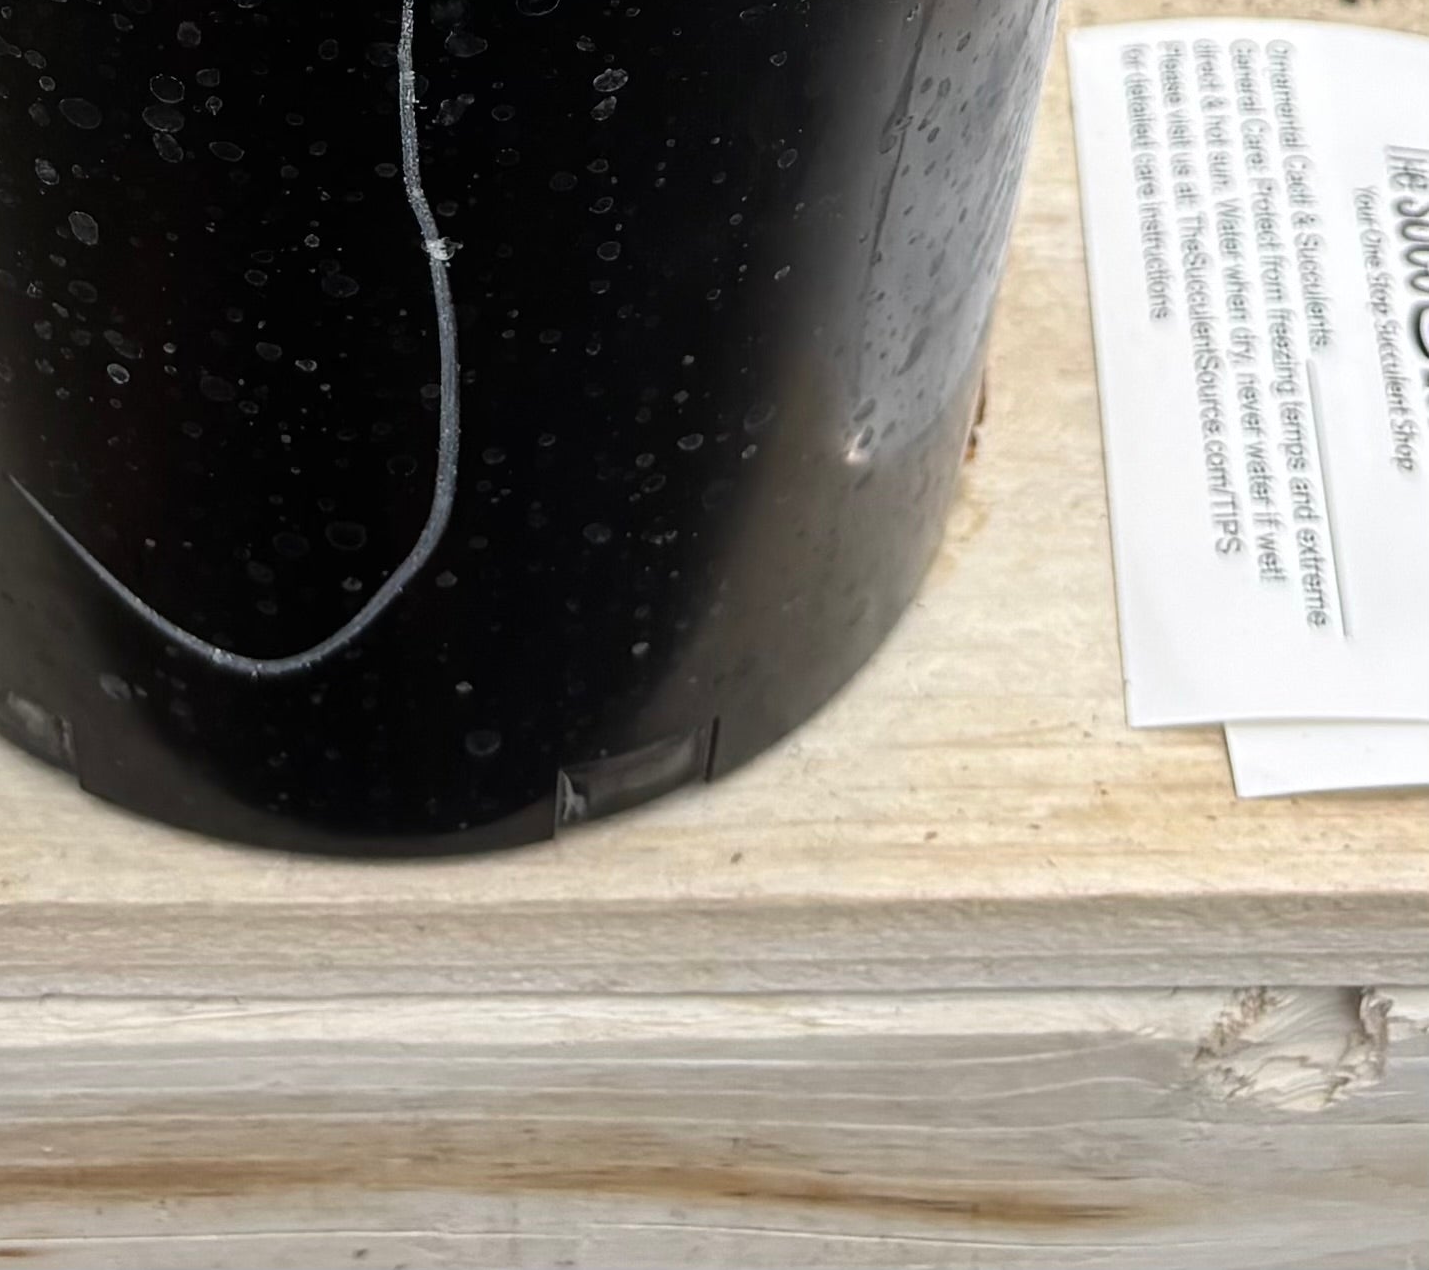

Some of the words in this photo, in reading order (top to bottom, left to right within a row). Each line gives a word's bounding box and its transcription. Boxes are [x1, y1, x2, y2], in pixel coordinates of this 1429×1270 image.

[1122, 43, 1151, 71] for
[1158, 42, 1187, 106] Please
[1192, 39, 1225, 93] direct
[1229, 39, 1265, 115] General
[1124, 73, 1161, 151] detailed
[1200, 95, 1230, 114] &
[1266, 39, 1309, 149] Ornamental
[1165, 108, 1196, 149] visit
[1204, 115, 1234, 148] hot
[1133, 153, 1161, 200] care
[1171, 152, 1199, 178] us
[1283, 155, 1318, 207] Cacti
[1214, 198, 1245, 259] Water
[1248, 178, 1282, 249] Protect
[1291, 211, 1320, 229] &
[1354, 185, 1379, 227] Your
[1138, 201, 1173, 320] instructions
[1360, 228, 1389, 268] One
[1222, 264, 1252, 321] when
[1259, 255, 1290, 302] from
[1367, 272, 1394, 316] Stop
[1226, 327, 1258, 363] dry,
[1268, 308, 1299, 397] freezing
[1375, 319, 1409, 416] Succulent
[1176, 211, 1246, 555] TheSucculentSource.com/TIPS
[1236, 372, 1262, 435] never
[1277, 401, 1310, 473] temps
[1391, 418, 1420, 472] Shop
[1244, 440, 1276, 507] water
[1290, 476, 1320, 524] and
[1252, 510, 1287, 528] if
[1297, 527, 1331, 629] extreme

::::

_Task to carry out_.
The response should restate the material above word for word and contain no pictures.

_Response box_.
Some of the words in this photo, in reading order (top to bottom, left to right within a row). Each line gives a word's bounding box and its transcription. Boxes are [x1, y1, x2, y2], in pixel coordinates of this 1429×1270 image.

[1122, 43, 1151, 71] for
[1158, 42, 1187, 106] Please
[1192, 39, 1225, 93] direct
[1229, 39, 1265, 115] General
[1124, 73, 1161, 151] detailed
[1200, 95, 1230, 114] &
[1266, 39, 1309, 149] Ornamental
[1165, 108, 1196, 149] visit
[1204, 115, 1234, 148] hot
[1133, 153, 1161, 200] care
[1171, 152, 1199, 178] us
[1283, 155, 1318, 207] Cacti
[1214, 198, 1245, 259] Water
[1248, 178, 1282, 249] Protect
[1291, 211, 1320, 229] &
[1354, 185, 1379, 227] Your
[1138, 201, 1173, 320] instructions
[1360, 228, 1389, 268] One
[1222, 264, 1252, 321] when
[1259, 255, 1290, 302] from
[1367, 272, 1394, 316] Stop
[1226, 327, 1258, 363] dry,
[1268, 308, 1299, 397] freezing
[1375, 319, 1409, 416] Succulent
[1176, 211, 1246, 555] TheSucculentSource.com/TIPS
[1236, 372, 1262, 435] never
[1277, 401, 1310, 473] temps
[1391, 418, 1420, 472] Shop
[1244, 440, 1276, 507] water
[1290, 476, 1320, 524] and
[1252, 510, 1287, 528] if
[1297, 527, 1331, 629] extreme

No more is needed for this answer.